All in all, the visit was more fun than I thought it would be. Every thanks to my and [livejournal.com profile] caitalainn's friends, who are, to a man, all good people. No thanks at all to Houston, which has got to be the worst laid-out "city" I've ever been to. (My chauffeur for the weekend says it's comparable to LA, but I don't remember LA being near this bad.) Plus, they apparently think signage is for Yankees. It's like Chicago 30 years ago before they realised, "Hey, ya know, not everyone who drives here lives here so maybe we could, ya know, identify the streets or something."

More on that later. There's so much to report, I think I'll post just an outline for now and try to fill it in as the day allows.

Friday: Arrival at Houston Shabby. Buffet dinner chez Owlet & Hobo.
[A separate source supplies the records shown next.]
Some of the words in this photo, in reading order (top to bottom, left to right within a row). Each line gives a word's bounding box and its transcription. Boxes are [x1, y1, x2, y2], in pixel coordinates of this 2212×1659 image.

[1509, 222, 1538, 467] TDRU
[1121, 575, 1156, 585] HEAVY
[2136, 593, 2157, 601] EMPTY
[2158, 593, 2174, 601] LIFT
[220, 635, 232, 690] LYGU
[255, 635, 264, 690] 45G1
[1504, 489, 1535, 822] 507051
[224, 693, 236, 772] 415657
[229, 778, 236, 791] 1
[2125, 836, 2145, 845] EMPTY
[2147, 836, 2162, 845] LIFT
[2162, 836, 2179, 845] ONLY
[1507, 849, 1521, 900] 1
Saturday: Old Town Spring. (Representative quote: "You are not allowed to buy anything shaped like Texas!") Games back at the Ranch. The Cards shut out the Astros and insane traffic shuts my ride out of Downtown.
Sunday: Wedding in Hermann Park. (Unofficial Motto: "Every bit as poorly laid-out as the rest of Houston!") Reception at Taipei Chinese Bistro. Afterparty at our hotel.
Monday: Departure from Houston Shabby. Surprise visit to Monshu at work.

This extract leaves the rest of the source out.